PROTOCOLO DE DIGESTIÓN EN SOLUCIÓN

Precauciones:
• Utilizar guantes en todo momento para evitar la contaminación con queratina.
• De preferencia preparar las soluciones en material de vidrio y en el mismo día de su uso.
• No utilizar tubos Eppendorf de colores.

Recomendaciones:
• Lavar los tubos Eppendorf previo a su uso con metanol o etanol puro y luego secar a temperatura ambiente.
• Preparar el gel el día anterior a la corrida, para eliminar acrilamida que puede reaccionar con las proteínas.
• Evitar en la preparación de la muestra: sales (suprimen la señal, interfieren con la ionización y forman aductos), detergentes (inhiben la ionización) y solventes orgánicos no volátiles (retardan la cristalización de la matriz).

Protocolo de digestión:

1. Para muestras liofilizadas o previamente precipitadas resuspender en 100 μL de guanidina/HCl 6 M (alternativamente en urea 6-8 M o SDS 0,1% p/v), ditiotreitol 2-5 mM (o β-mercaptoetanol) en tampón bicarbonato de amonio 50 mM.
Para muestras líquidas mezclar en proporción 1:4 con bicarbonato de amonio 62,5 mM que contiene SDS 0,125% p/v y ditiotreitol 5 mM, preparar 100 μL de la mezcla.
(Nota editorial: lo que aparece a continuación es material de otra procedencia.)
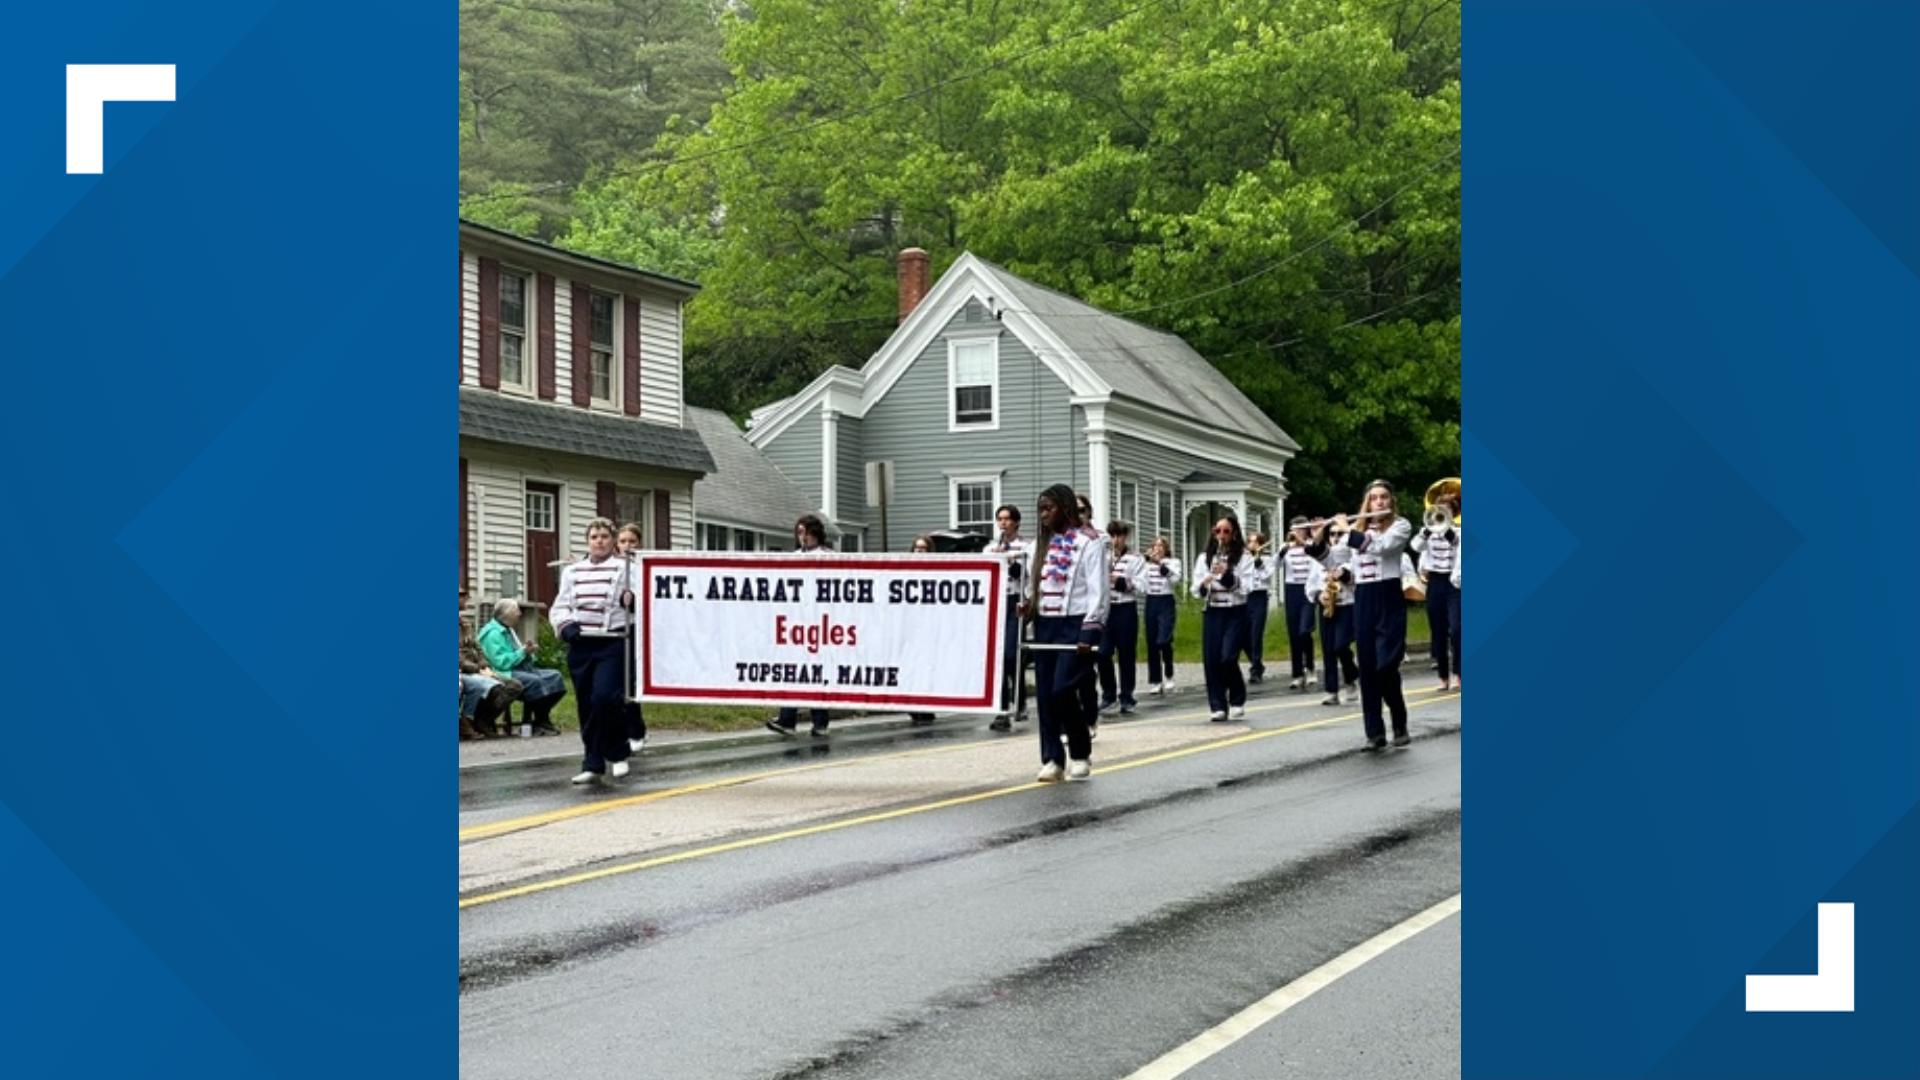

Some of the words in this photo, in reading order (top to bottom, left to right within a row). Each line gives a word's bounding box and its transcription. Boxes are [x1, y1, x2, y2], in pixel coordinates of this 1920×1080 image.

[654, 575, 693, 600] MT.
[705, 576, 803, 603] ARARAT
[815, 578, 875, 603] HIGH
[888, 579, 985, 605] SCHOOL
[775, 614, 857, 654] Eagles
[736, 662, 829, 686] TOPSHAM,
[837, 665, 899, 687] MAINE
2. Incubar a 95ºC durante 15-20 min o 60ºC durante 45-60 min, o si la muestra se preparó en urea incubar a temperatura ambiente durante 45-60 min. Dejar enfriar hasta temperatura ambiente.
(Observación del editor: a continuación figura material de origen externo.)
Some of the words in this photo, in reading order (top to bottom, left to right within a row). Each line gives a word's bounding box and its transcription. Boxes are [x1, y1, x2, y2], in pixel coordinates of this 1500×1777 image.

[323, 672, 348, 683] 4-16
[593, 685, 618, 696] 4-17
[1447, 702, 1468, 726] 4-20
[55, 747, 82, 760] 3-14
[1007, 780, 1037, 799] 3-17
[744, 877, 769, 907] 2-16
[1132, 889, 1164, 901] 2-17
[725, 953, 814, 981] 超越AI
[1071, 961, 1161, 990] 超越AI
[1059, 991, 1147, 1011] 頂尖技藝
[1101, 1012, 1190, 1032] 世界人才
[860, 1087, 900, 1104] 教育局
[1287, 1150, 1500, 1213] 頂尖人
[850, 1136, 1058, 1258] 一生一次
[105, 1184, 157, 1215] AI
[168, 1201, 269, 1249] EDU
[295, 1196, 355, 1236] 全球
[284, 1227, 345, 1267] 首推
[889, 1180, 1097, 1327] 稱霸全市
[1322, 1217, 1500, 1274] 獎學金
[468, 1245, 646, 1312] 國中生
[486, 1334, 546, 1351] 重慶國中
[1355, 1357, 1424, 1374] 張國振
3. Agregar 20 μL de yodoacetamida 200 mM preparado en tampón bicarbonato de amonio 50 mM, mezclar suavemente e incubar durante 1 h a temperatura ambiente y en oscuridad.

4. Agregar 20 μL de ditiotreitol 200 mM preparado en tampón bicarbonato de amonio 50 mM para detener la reacción y consumir el exceso de yodoacetamida. Mezclar suavemente e incubar durante 1 h a temperatura ambiente.

5. Diluir las muestras con tampón bicarbonato de amonio 50 mM de modo que la concentración de urea o guanidina/HCl sea menor a 1 M. Para las muestras preparadas en SDS la dilución no es necesaria.

6. Agregar tripsina a una razón final de tripsina:proteína entre 1:100 y 1:20 p/p. Incubar a 37ºC durante 1 h.

7. Terminar la reacción cambiando el pH a 3-4 con ácido fórmico o congelando a -20ºC.

8. Determinar el grado de digestión de una alícuota de la muestra en SDS-PAGE.

9. En caso de requerir mayor tiempo de digestión se puede reajustar el pH sobre 4 o incubar nuevamente a 37ºC.

10. Concentrar la muestra en SpeedVac a temperatura ambiente durante 2-4 h (no exceder 30ºC).

11. Resuspender en 12 μL de ácido fórmico 0,1% v/v.

Preparación de tripsina:

1. Reconstituir el liofilizado en ácido acético 50 mM o tampón de resuspensión de modo de obtener una concentración de tripsina de 0,1 μg/μL (almacenar a -20ºC hasta un mes o alternativamente almacenar a -80ºC).